O Presidente de Moçambique e líder da Frelimo, Daniel Chapo, tem convocado rondas de diálogo político interpartidário com os partidos com assento parlamentar e nas Assembleias Provinciais e Municipais, com o objetivo de acabar com a tensão política existente no país desde o anúncio dos resultados das eleições gerais de 09 de outubro de 2024.
No entanto, a “Carta de Moçambique” avança que a Frelimo, partido no poder, tem estado ausente das conversações desde que Chapo assumiu a presidência do país.
As rondas começaram em dezembro de 2024 pelo então Presidente da República, Filipe Nyusi, e envolviam inicialmente apenas os partidos com assento no Parlamento (Frelimo, PODEMOS, Renamo e MDM), tendo sido também alargadas à Nova Democracia.
Já foi realizado um total de seis rondas, sendo duas dirigidas por Nyusi e quatro pelo seu substituto, Chapo. Nessas duas rondas dirigidas por Nyusi, os quatro partidos com representação na Assembleia da República marcaram presença, com a Frelimo a ser representada pelo então Secretário-Geral, Daniel Chapo.
No entanto, desde que Chapo passou a dirigir as reuniões, na qualidade de chefe de Estado, a Frelimo nunca marcou presença nos encontros, o que poderia fazer através do seu Secretário-Geral ou de um membro da Comissão Política. O governante nunca explicou o motivo.

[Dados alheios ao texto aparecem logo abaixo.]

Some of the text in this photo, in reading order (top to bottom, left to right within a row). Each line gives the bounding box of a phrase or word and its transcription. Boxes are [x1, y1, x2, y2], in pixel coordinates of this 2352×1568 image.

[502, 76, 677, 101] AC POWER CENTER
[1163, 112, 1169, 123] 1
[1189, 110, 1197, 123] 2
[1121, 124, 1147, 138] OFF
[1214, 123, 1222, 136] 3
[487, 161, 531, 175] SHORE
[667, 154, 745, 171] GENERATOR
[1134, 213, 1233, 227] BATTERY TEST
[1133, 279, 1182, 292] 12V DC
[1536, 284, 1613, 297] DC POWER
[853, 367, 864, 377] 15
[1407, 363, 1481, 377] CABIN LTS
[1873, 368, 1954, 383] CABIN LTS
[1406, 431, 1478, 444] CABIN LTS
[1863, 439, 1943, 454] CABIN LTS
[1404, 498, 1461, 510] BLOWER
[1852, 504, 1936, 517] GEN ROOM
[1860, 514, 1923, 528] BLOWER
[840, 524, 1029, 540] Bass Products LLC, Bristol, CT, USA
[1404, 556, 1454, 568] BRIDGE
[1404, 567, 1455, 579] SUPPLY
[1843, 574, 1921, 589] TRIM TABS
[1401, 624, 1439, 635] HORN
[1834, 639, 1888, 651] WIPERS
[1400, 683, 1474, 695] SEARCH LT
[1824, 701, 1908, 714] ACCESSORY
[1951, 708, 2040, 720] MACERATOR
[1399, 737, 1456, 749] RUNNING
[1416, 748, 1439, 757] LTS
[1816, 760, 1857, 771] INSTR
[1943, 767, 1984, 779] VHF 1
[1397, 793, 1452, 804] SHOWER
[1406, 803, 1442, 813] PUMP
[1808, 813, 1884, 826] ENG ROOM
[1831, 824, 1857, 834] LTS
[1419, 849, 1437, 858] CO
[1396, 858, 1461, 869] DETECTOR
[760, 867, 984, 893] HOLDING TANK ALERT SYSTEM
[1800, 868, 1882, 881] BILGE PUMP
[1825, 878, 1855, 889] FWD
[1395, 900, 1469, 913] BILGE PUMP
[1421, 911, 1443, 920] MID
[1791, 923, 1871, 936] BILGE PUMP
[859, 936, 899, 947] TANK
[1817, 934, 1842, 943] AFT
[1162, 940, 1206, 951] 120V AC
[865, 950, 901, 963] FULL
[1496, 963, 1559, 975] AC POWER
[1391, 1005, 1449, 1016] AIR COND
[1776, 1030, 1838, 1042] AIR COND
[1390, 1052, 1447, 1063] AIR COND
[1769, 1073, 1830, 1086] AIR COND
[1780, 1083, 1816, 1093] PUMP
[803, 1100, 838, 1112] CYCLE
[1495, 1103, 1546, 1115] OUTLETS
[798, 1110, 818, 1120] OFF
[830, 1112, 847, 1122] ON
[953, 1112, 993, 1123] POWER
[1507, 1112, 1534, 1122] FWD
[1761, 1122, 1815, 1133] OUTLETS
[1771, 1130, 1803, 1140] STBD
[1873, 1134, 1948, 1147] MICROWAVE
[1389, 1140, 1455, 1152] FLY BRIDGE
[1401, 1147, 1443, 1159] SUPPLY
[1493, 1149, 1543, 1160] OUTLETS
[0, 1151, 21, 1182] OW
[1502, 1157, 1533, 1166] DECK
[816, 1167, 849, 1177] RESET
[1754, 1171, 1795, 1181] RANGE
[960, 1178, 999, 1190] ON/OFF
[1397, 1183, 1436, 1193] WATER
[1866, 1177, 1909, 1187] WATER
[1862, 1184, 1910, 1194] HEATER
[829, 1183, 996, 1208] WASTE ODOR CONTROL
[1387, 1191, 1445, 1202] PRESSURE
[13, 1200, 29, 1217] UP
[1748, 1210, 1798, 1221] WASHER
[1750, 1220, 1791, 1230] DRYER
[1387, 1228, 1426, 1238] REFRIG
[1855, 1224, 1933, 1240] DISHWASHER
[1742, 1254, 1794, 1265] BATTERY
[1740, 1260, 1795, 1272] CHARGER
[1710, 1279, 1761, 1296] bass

Quando questionada sobre o tema pela referida publicação, a porta-voz da Frelimo, Ludmila Maguni, respondeu que a formação política se encontra num processo de reestruturação da sua representação no diálogo, devendo passar a tomar parte do encontro. Disse ainda que Edson Macuácua tem sido o representante nessas ocasiões, mas o mesmo não tem, alegadamente, sido visto entre os integrantes da mesa do diálogo.